В воспоминаниях руководителя Боевой организации Бориса Савинкова есть прелюбопытный эпизод: подготавливая теракт с целью убийства московского губернатора великого князя Сергея Александровича, Савинков как-то раз просто-напросто пришел к Андрееву в Грузины и, назвав свое имя, попросил автора «Красного смеха» о небольшой услуге: будущим убийцам необходим был человек, знающий расписание выездов московского губернатора и этот человек — князь Д. Шаховской — частенько заглядывал «на огонек» к писателю. Андреев, хотя и удивился столь необычной просьбе, через пару дней отрекомендовал Савинкова князю, внеся тем самым и свою лепту в террористический заговор. Трудно сказать, задумывался ли тогда Леонид Николаевич о личном участии в революционной борьбе или же просто с жадностью вдыхал «воздух времени». Ясно одно, события 1905-го втянули и его в воронку «практических дел»: 1905 год — своеобразный пик социального «бунтарства» Андреева.

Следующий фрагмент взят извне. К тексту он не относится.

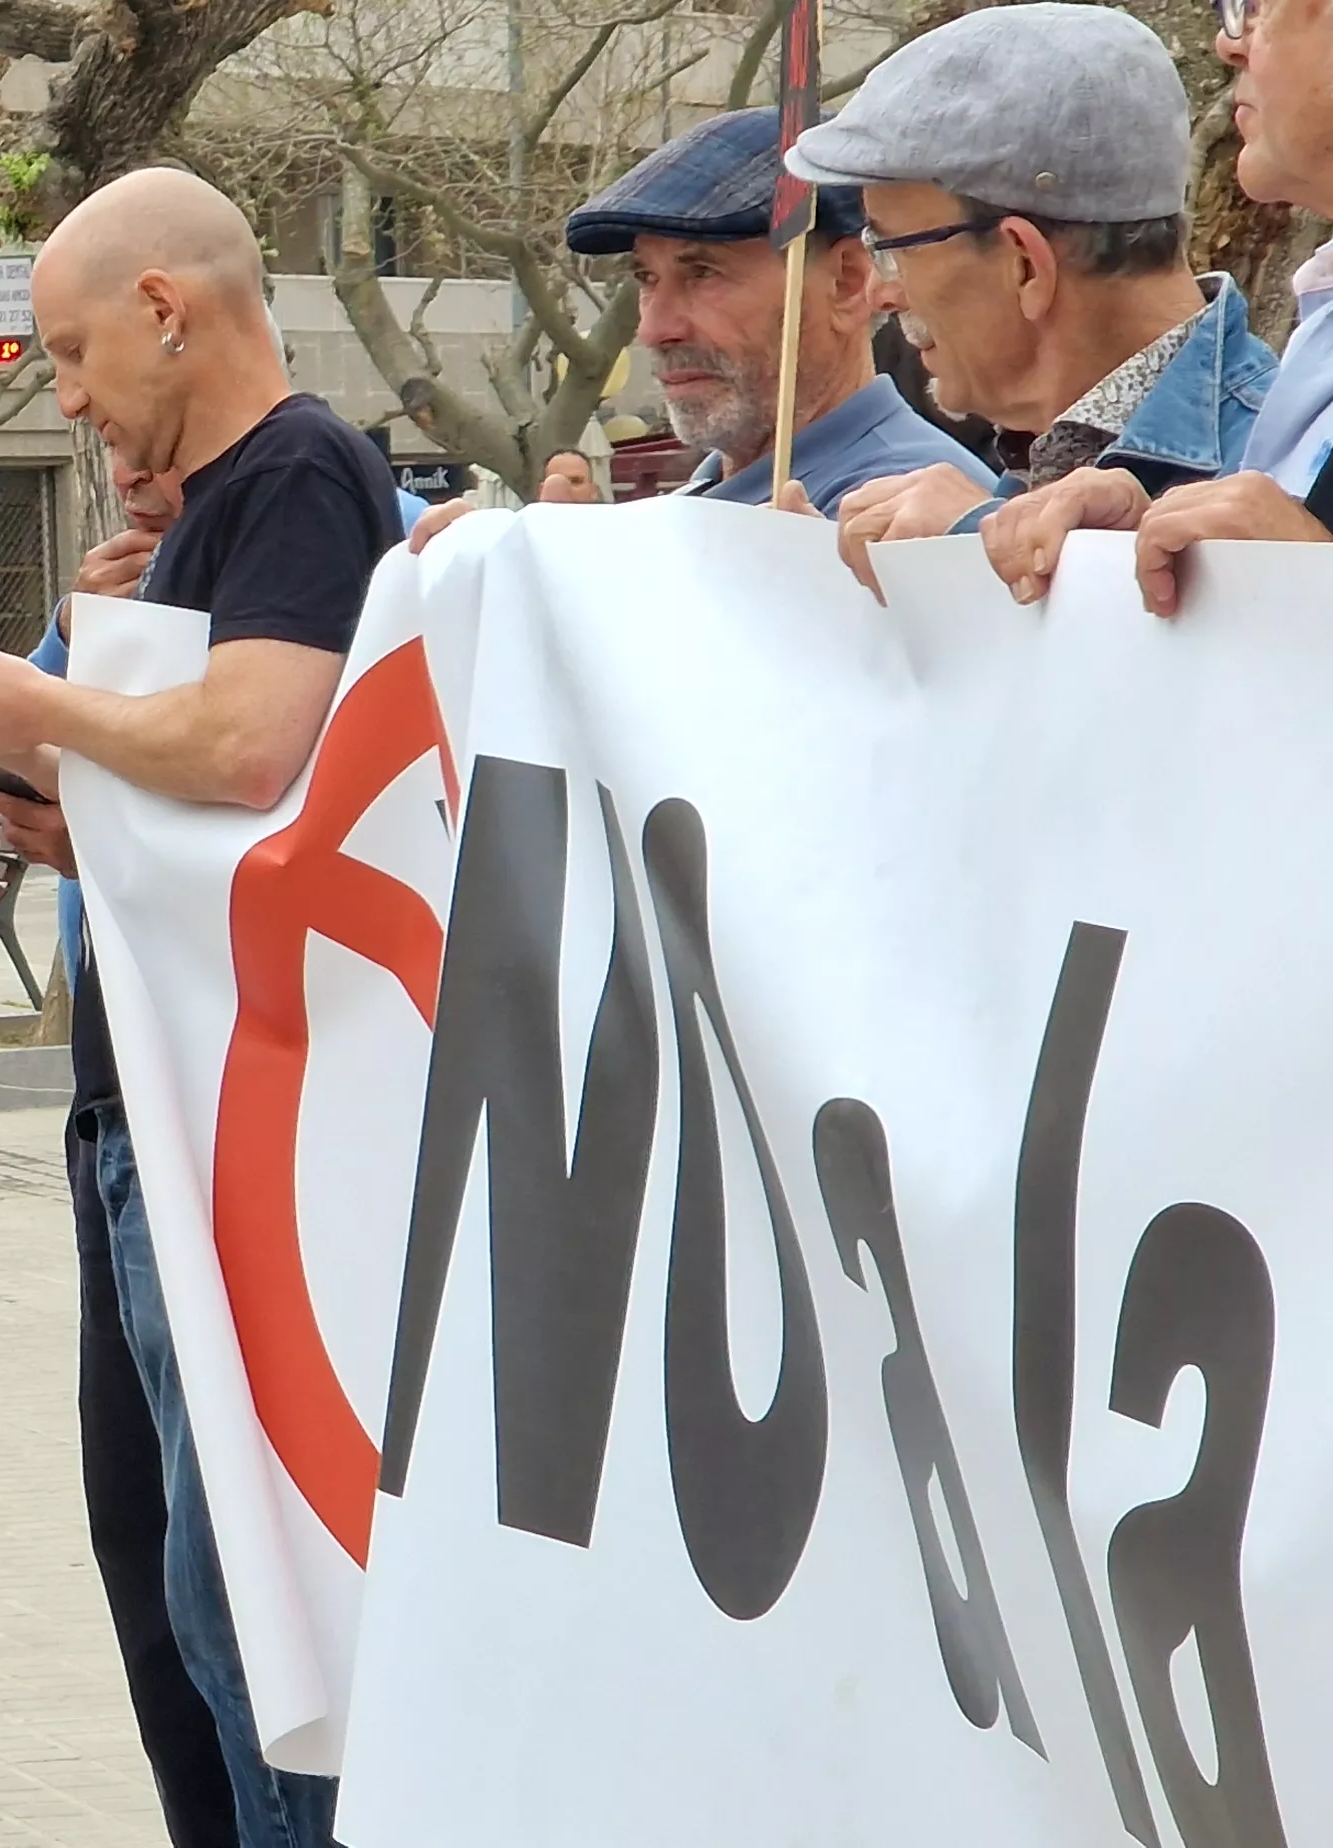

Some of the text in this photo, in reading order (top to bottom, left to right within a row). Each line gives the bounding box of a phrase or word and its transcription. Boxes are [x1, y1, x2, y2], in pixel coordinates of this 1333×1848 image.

[376, 753, 1290, 1848] NO a la

«Это было в начале 1905 года, — вспоминал Скиталец. — Наша „Среда“ в полном составе собралась у Телешова. Ожидали, что Андреев прочтет свой новый рассказ, но настроение было у всех повышенное, тревожное: всем хотелось говорить. Вдруг в комнату вбежал художник Первухин, непременный, давнишний член „Среды“. Он был бледен, казался крайне взволнованным.
— Господа, — закричал он, — новость получена сейчас по телефону из Петербурга! Бойня перед царским дворцом! Масса крови!
Все повскакали с мест, загремели стулья, послышались восклицания. Толпой окружили вестника.
— Погодите, дайте отдышаться! — продолжал запыхавшийся Первухин. — Десять тысяч рабочих двинулись ко дворцу с иконами, с хоругвями, под предводительством какого-то священника Гапона. В них стреляли! Масса убитых и раненых! <…> Подробности еще неизвестны, телефон прерван!» [226]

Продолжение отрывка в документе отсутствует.